Senior Chinese diplomat Yang Jiechi met with United States National Security Advisor Jake Sullivan in Rome on Monday, in the latest diplomatic engagement between Beijing and Washington amid their worsened ties.

By press time, few details were known about the meeting, but the Chinese Foreign Ministry said the key issue was to implement the important consensus reached by the Chinese and US heads of state at their virtual summit in November.

"The two sides have been in contact on the matter since late last year, stayed in communication about the meeting and set a time for the meeting according to their schedules. They will exchange views on China-US relations and international and regional issues of common concern," ministry spokesman Zhao Lijian said on Monday.

The Ukraine crisis will also certainly be one of the topics to be discussed during the meeting, he said.

The previous meeting between Yang, a member of the Political Bureau of the Communist Party of China Central Committee and director of the Office of the Central Commission for Foreign Affairs, and Sullivan was held in Zurich, Switzerland, in October.

During the virtual meeting between President Xi Jinping and US President Joe Biden on Nov 16, the two leaders had thorough and in-depth communication and exchanges on issues of strategic, overarching and fundamental importance shaping the development of China-US relations and on important issues of mutual interest. The two sides agreed to maintain close communication in different forms and steer China-US relations back on the right track of sound and steady development.

On March 5, State Councilor and Foreign Minister Wang Yi had a telephone conversation with US Secretary of State Antony Blinken at the latter's request.

Speaking at a news conference in Beijing on March 7, Wang said that in a globalized and interdependent world, how China and the US find the right way forward and manage to get along is both a new question for humanity and something that must be worked out together by China and the US.

Observers said that the high-level contact between China and the US will certainly help them avoid misunderstanding and miscalculation. However, Washington's approach of "saying one thing but doing another" on China's major concerns as well as its taking China as a strategic competitor will undermine the bilateral ties.

The Taiwan question has been the most sensitive in the China-US relationship. The Foreign Ministry expressed strong opposition to the US on Monday for its adoption of a fiscal omnibus bill-the Consolidated Appropriations Act, 2022-which carries a Taiwan-related provision.
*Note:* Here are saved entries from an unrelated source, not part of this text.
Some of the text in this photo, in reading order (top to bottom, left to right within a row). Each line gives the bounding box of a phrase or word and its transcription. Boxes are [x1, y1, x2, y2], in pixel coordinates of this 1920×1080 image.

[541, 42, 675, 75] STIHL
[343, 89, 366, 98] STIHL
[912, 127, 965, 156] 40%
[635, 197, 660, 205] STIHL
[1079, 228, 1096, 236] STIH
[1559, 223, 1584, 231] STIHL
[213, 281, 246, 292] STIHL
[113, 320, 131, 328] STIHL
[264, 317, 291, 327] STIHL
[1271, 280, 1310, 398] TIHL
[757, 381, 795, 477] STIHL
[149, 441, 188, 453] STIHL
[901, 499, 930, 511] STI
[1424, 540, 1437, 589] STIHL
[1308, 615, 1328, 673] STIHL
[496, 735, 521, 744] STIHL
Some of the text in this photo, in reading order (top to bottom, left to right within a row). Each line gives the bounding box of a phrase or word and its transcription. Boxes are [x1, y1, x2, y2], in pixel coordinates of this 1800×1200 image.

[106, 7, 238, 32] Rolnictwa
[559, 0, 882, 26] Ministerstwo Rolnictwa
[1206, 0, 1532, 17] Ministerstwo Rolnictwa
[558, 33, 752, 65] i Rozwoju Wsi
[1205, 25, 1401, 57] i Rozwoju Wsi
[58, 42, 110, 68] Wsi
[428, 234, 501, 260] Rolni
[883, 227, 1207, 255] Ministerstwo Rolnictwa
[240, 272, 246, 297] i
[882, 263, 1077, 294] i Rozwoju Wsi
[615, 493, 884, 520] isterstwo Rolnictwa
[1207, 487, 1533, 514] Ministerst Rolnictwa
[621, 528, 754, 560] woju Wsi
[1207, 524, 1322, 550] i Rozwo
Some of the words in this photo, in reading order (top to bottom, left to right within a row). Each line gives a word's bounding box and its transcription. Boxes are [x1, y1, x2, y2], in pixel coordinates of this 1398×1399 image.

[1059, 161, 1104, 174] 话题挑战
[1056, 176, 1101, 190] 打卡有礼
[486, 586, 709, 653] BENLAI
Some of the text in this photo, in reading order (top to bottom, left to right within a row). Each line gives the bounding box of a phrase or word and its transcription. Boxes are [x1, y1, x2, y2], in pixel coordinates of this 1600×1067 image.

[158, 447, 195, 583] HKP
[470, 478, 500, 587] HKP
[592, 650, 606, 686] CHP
The US' move grossly interferes in China's domestic affairs in an attempt to engage in political manipulation by using the so-called issue of the Taiwan map to create "two Chinas" or "one China, one Taiwan", Zhao, the ministry spokesman, said at a regular news conference on Monday.

Zhao reiterated that there is but one China in the world and Taiwan is an inalienable part of Chinese territory. Any map accurately depicting Taiwan should be based on such a fact, he added.